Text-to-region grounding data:
************

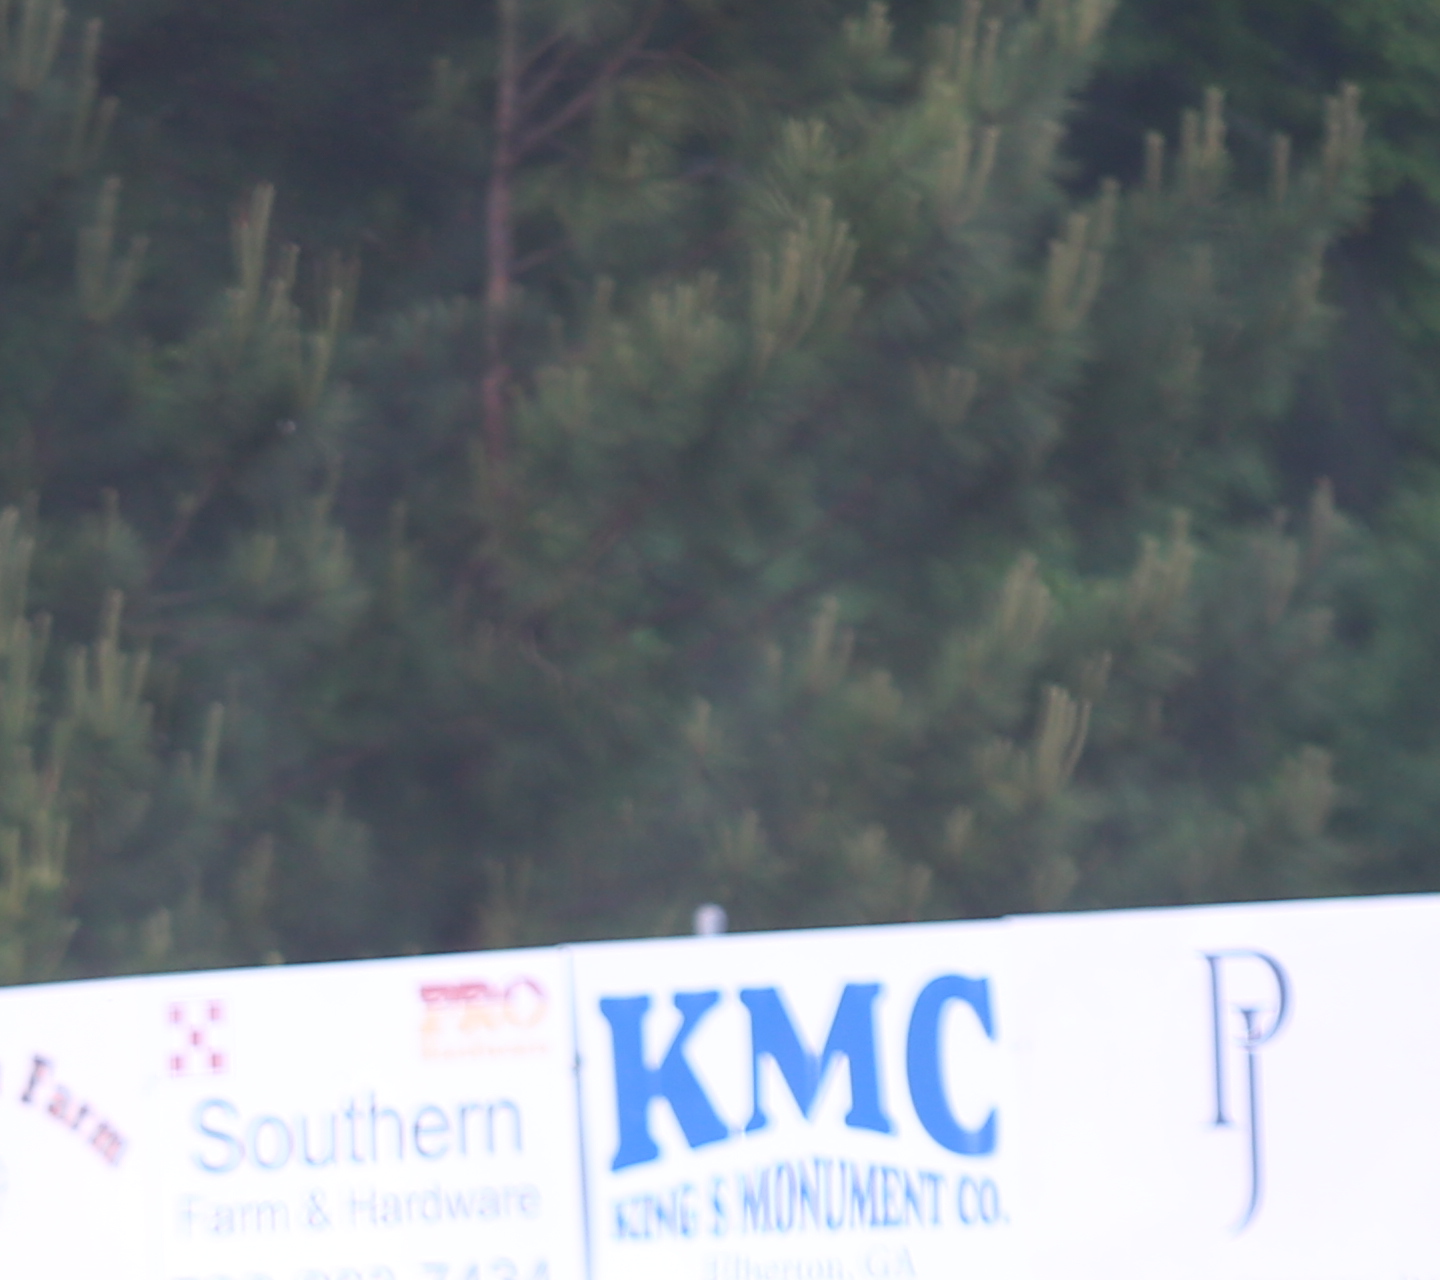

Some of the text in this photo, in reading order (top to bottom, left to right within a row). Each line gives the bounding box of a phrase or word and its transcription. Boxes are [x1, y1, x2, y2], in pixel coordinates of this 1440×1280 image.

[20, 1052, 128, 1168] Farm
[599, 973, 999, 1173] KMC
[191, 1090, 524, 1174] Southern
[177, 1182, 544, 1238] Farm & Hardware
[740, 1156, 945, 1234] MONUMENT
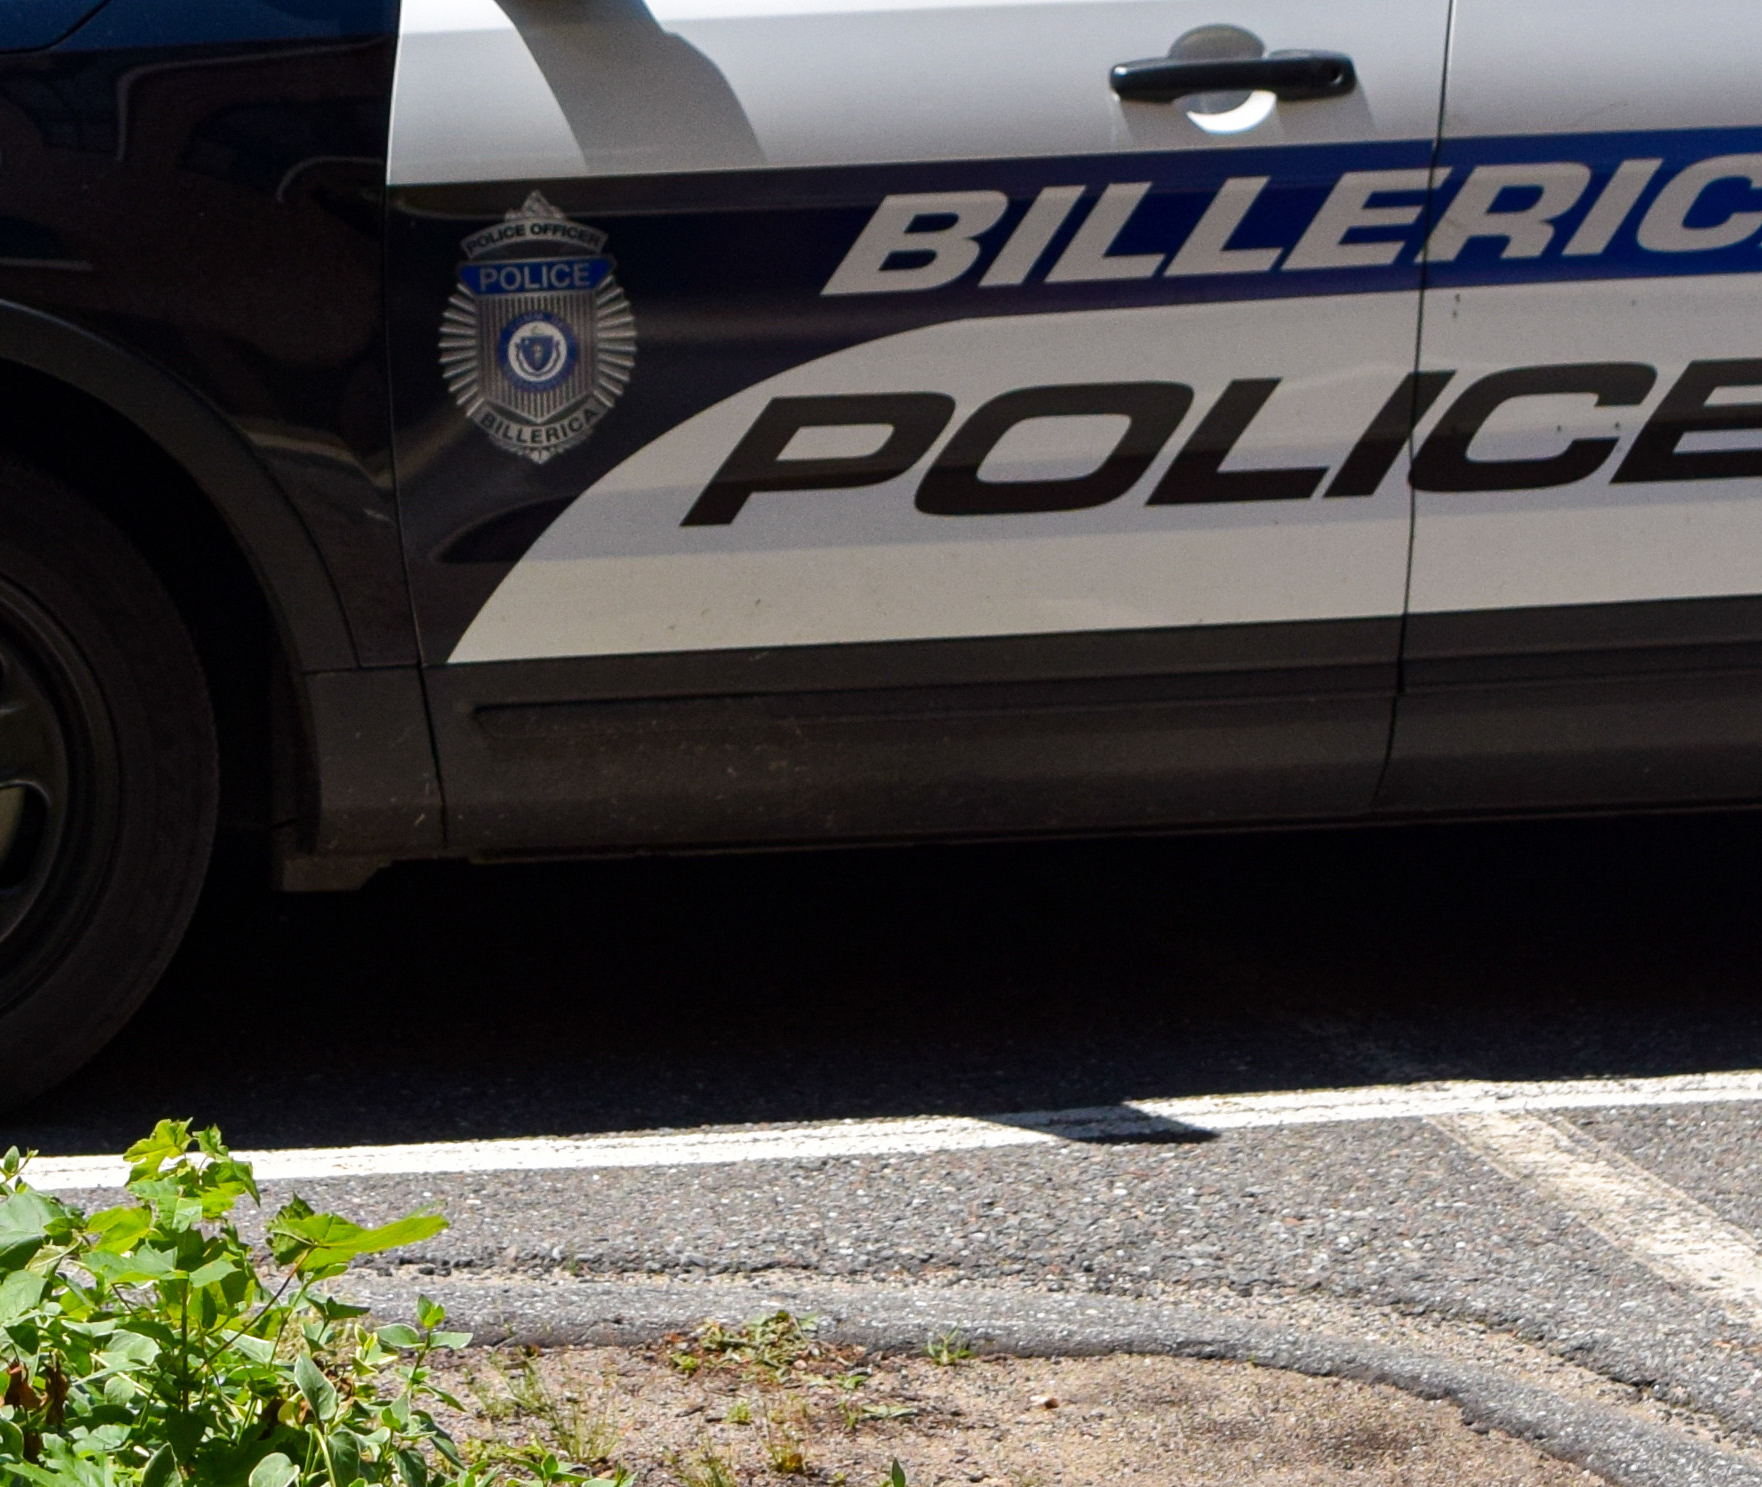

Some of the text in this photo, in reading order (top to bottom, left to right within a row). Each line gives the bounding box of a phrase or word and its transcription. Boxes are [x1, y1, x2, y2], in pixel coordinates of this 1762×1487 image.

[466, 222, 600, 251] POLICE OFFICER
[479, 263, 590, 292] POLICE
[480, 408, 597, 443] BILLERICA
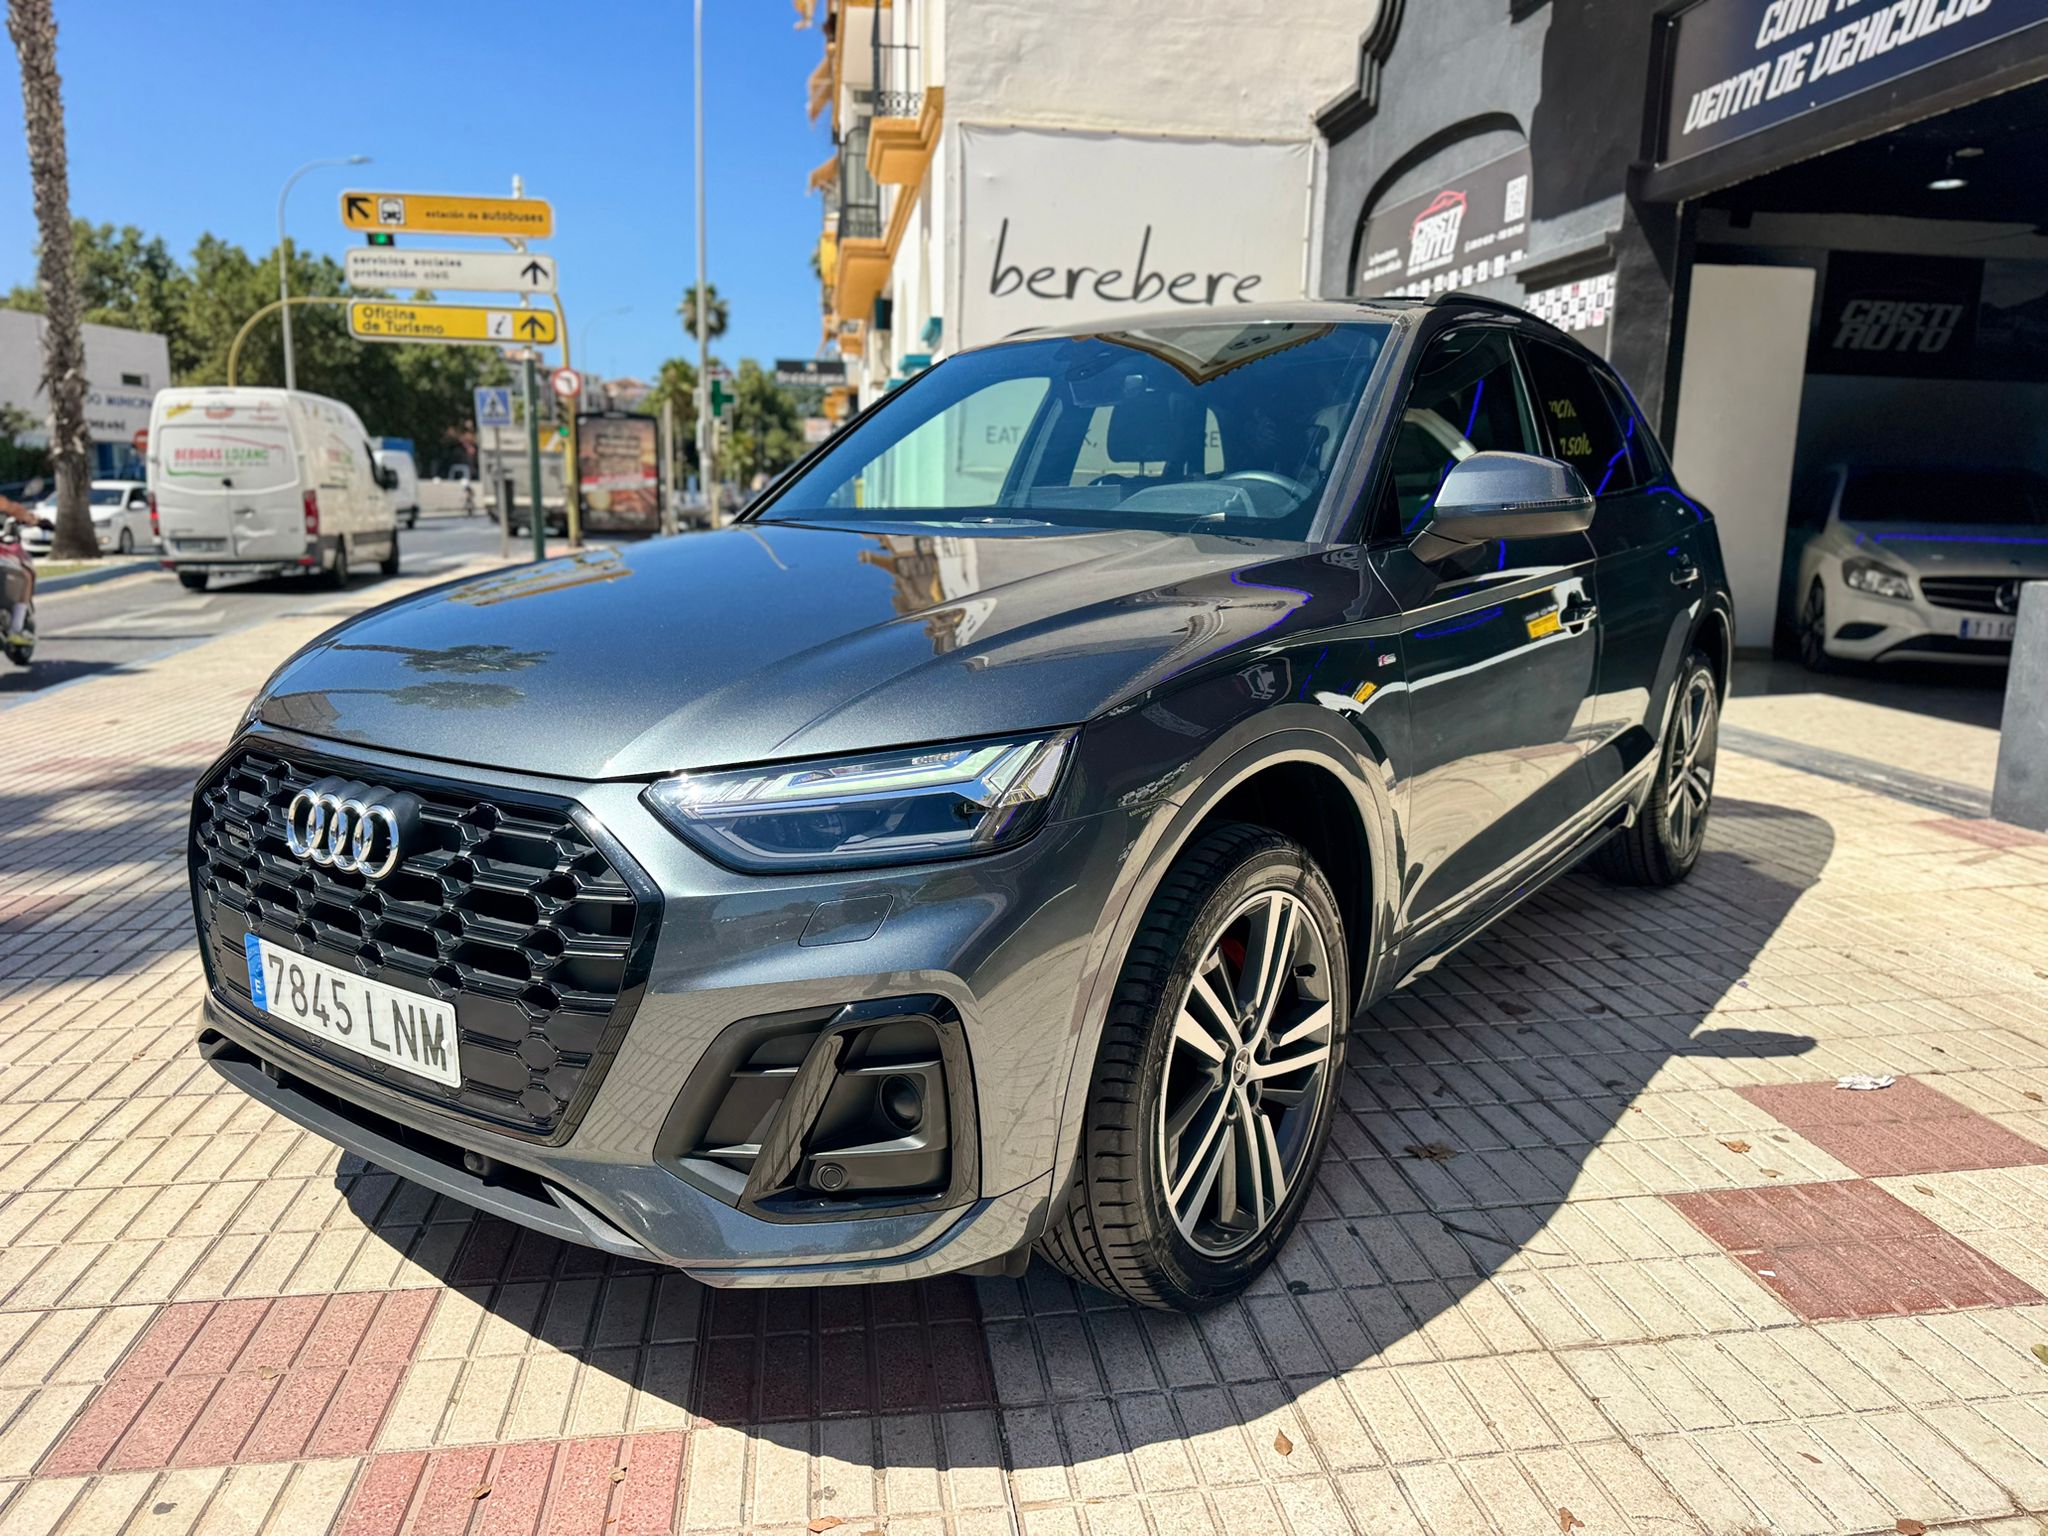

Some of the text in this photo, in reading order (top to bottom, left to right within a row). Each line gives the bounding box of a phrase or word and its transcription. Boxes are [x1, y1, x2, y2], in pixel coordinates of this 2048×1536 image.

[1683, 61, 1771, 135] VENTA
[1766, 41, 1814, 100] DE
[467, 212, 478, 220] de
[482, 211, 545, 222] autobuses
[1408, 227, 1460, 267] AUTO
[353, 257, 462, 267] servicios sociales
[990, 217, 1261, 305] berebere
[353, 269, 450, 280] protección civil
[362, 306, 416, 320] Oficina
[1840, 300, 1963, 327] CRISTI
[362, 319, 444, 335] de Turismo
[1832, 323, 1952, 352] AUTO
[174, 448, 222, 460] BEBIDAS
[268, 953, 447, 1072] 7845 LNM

************

- _Task prompt_
Set each line of the records down again exactly as it reads. Omit the pictures.

- _Answer to this task_
Some of the text in this photo, in reading order (top to bottom, left to right within a row). Each line gives the bounding box of a phrase or word and its transcription. Boxes are [x1, y1, x2, y2], in pixel coordinates of this 1440×1280 image.

[20, 1052, 128, 1168] Farm
[599, 973, 999, 1173] KMC
[191, 1090, 524, 1174] Southern
[177, 1182, 544, 1238] Farm & Hardware
[740, 1156, 945, 1234] MONUMENT

Some of the text in this photo, in reading order (top to bottom, left to right within a row). Each line gives the bounding box of a phrase or word and its transcription. Boxes are [x1, y1, x2, y2], in pixel coordinates of this 1762×1487 image.

[466, 222, 600, 251] POLICE OFFICER
[479, 263, 590, 292] POLICE
[480, 408, 597, 443] BILLERICA

Some of the text in this photo, in reading order (top to bottom, left to right within a row). Each line gives the bounding box of a phrase or word and its transcription. Boxes are [x1, y1, x2, y2], in pixel coordinates of this 2048×1536 image.

[1683, 61, 1771, 135] VENTA
[1766, 41, 1814, 100] DE
[467, 212, 478, 220] de
[482, 211, 545, 222] autobuses
[1408, 227, 1460, 267] AUTO
[353, 257, 462, 267] servicios sociales
[990, 217, 1261, 305] berebere
[353, 269, 450, 280] protección civil
[362, 306, 416, 320] Oficina
[1840, 300, 1963, 327] CRISTI
[362, 319, 444, 335] de Turismo
[1832, 323, 1952, 352] AUTO
[174, 448, 222, 460] BEBIDAS
[268, 953, 447, 1072] 7845 LNM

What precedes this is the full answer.